The Alarming Rise of Liver Cancer in the US
Liver cancer incidence has tripled in the US over the past four decades, with an estimated 42,340 new cases and 30,980 deaths projected for 2026, according to the American Cancer Society (ACS). The age-adjusted incidence rate stands at 9.4 per 100,000, disproportionately affecting men (13.1 per 100,000) and certain demographics like Hispanic/Latino (14.1) and American Indian/Alaska Native populations (18.7). Five-year survival remains dismal at 22%, improving only to 38% for localized cases, emphasizing the urgency for preventive measures.
Risk factors include chronic hepatitis B and C viruses (HBV/HCV), excessive alcohol, obesity, type 2 diabetes, and NAFLD, which affects up to 25% of Americans. These conditions impair liver function, setting the stage for malignant transformation. Rutgers researchers posit that dietary protein exacerbates this vulnerability by fueling ammonia buildup, a toxin the damaged liver struggles to detoxify.
Ammonia's Toxic Role in Liver Metabolism Explained
Ammonia (NH3), a byproduct of dietary protein breakdown—primarily by gut microbes—is normally detoxified in the liver via the urea cycle. This multi-enzyme process (urea cycle enzymes, or UCEs, such as carbamoyl phosphate synthetase 1 [CPS1]) converts ammonia into urea for urinary excretion. In healthy livers, this safeguards against toxicity; however, in diseased livers, UCE expression is repressed, leading to hyperammonemia.

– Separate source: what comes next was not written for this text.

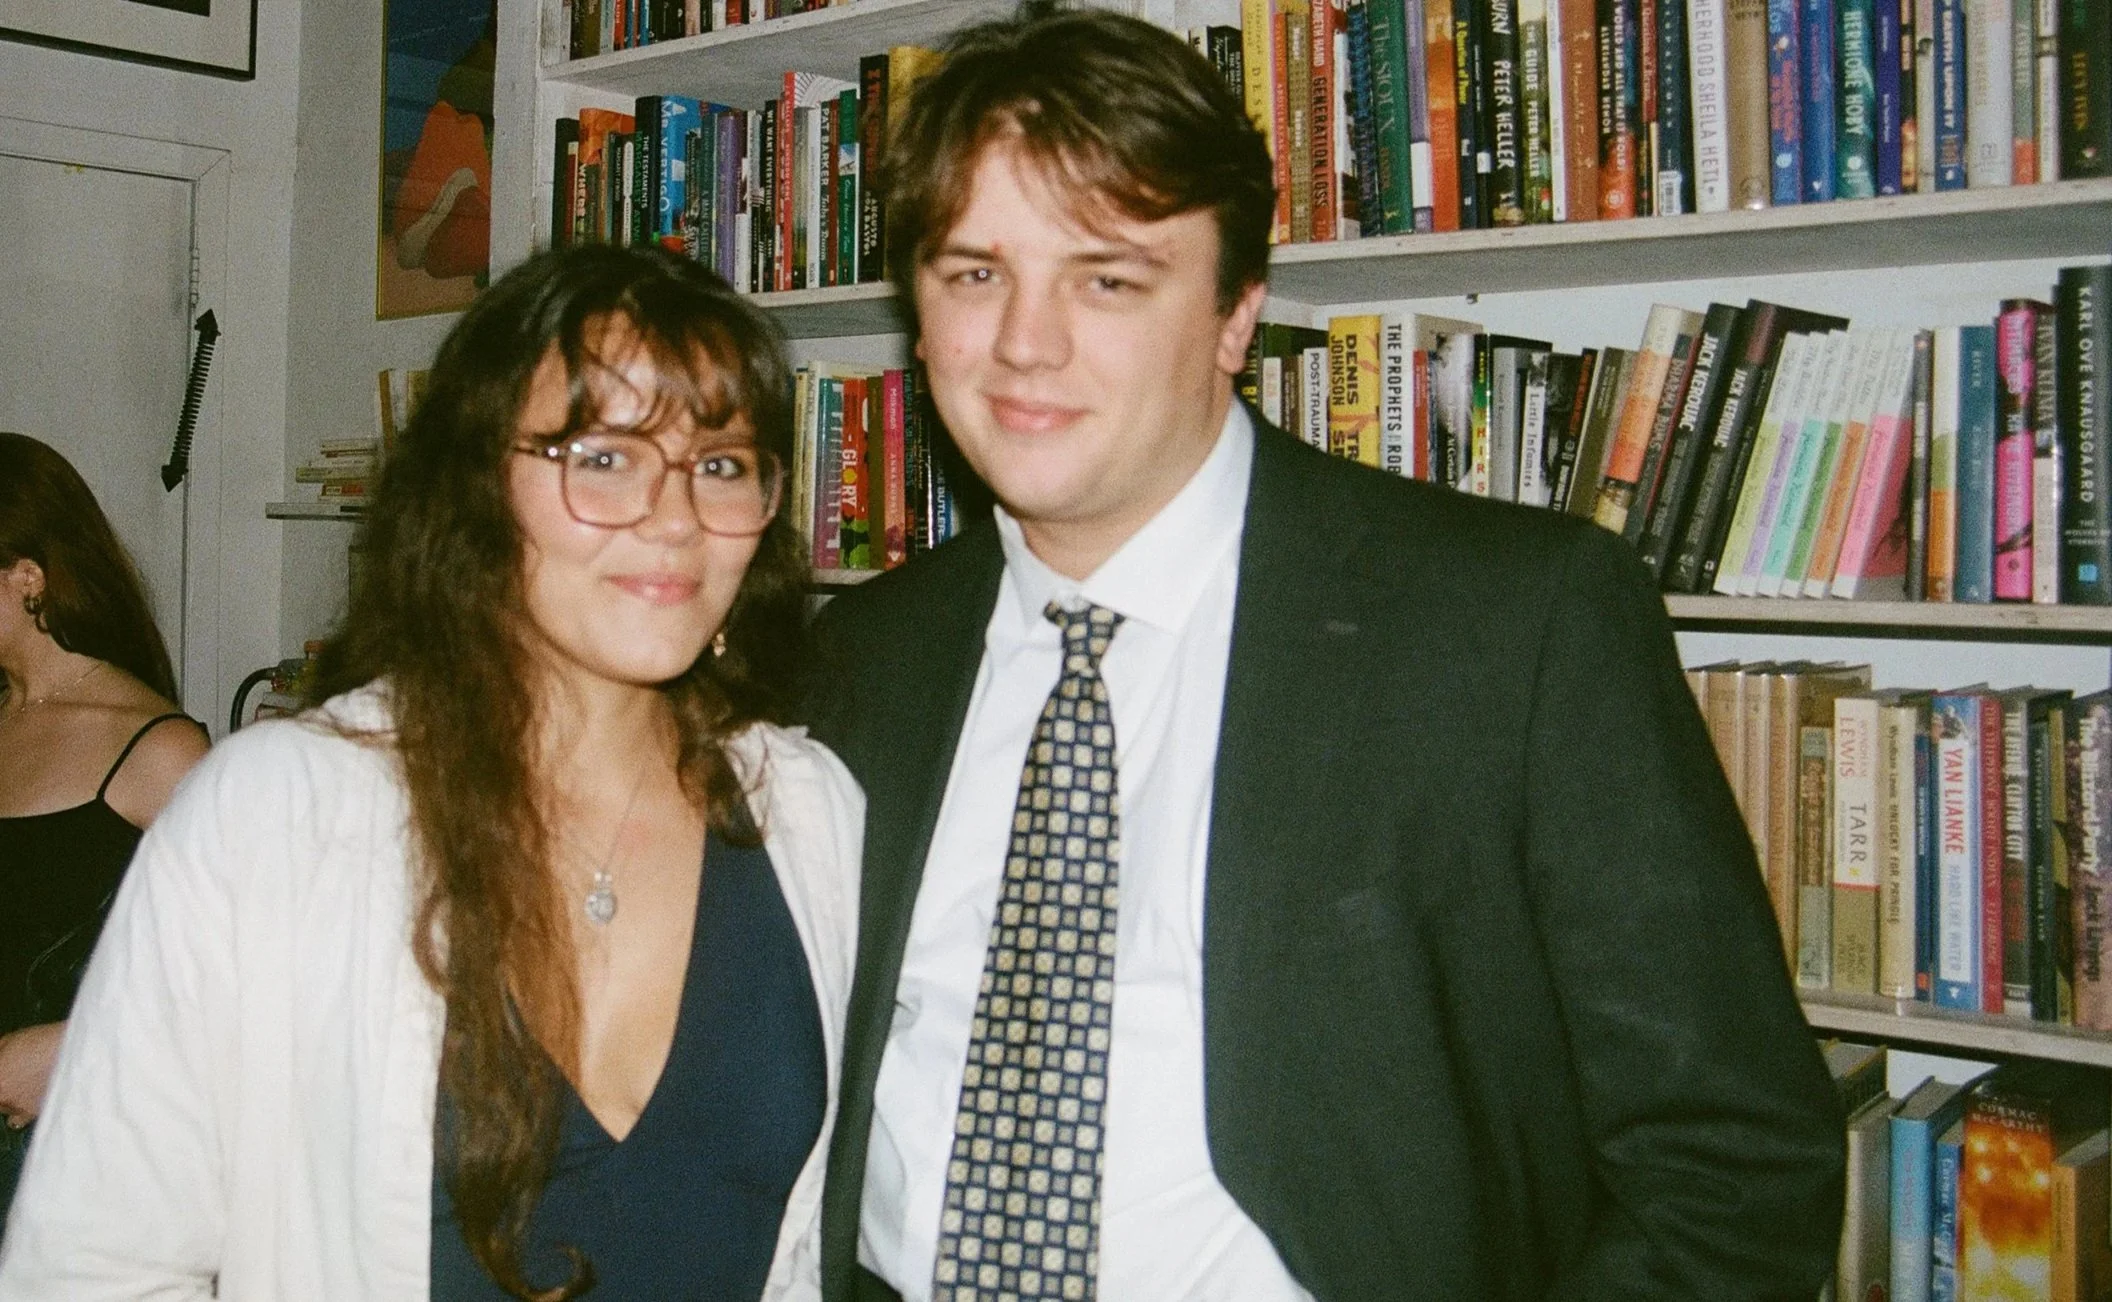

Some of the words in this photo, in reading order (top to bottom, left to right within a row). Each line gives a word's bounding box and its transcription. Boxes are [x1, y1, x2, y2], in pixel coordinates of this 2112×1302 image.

Excess ammonia doesn't just poison cells; it serves as a nitrogen source for glutamine and nucleotide synthesis, essential for rapid tumor proliferation. Rutgers findings reveal ammonia also activates mechanistic target of rapamycin complex 1 (mTORC1), a key nutrient sensor pathway that drives cancer cell growth, protein synthesis, and survival. Step-by-step: Protein → gut fermentation → ammonia → portal vein to liver → impaired urea cycle → systemic/hyperlocal ammonia → mTORC1 hyperactivation → HCC progression.
- Healthy scenario: Efficient urea cycle prevents buildup.
- Pathological: UCE mutations (common in 20-30% HCC cases) amplify risk.
Human HCC tumors show downregulated UCEs, correlating with poor prognosis—a pattern Rutgers causally linked to tumorigenesis.
Rutgers Mouse Models Uncover Causal Evidence
To test causality, Rutgers scientists used multiple HCC models: diethylnitrosamine (DEN)-induced tumors, STAM (NAFLD-mimicking), and gene-edited mice lacking key UCEs like CPS1. Tumors were induced without initial ammonia defects, then UCEs disrupted via CRISPR.
Results were striking: Ammonia-elevated mice developed heavier tumors (2-3x burden) and died sooner. Switching to low-protein diet (6-7% kcal from protein vs. 20% standard) slashed ammonia levels by 50-70%, halted mTORC1 activation, reduced tumor mass by 60-80%, and doubled median survival.
"Reducing protein consumption may be the easiest way to get ammonia levels down," notes Zong. These models mimic human NAFLD-cirrhosis-HCC progression, validating translational potential.
Photo by Nigel Hoare on Unsplash
Decoding the Ammonia-mTORC1 Axis in Cancer Cells
Mechanistically, ammonia acts as a nitrogen donor: NH3 + glutamate → glutamine (via glutamine synthetase), fueling nucleotide biosynthesis and anaplerosis for tricarboxylic acid (TCA) cycle. Critically, glutamine-derived alpha-ketoglutarate senses ammonia as nutrient, phosphorylating/activating mTORC1—promoting anabolic growth.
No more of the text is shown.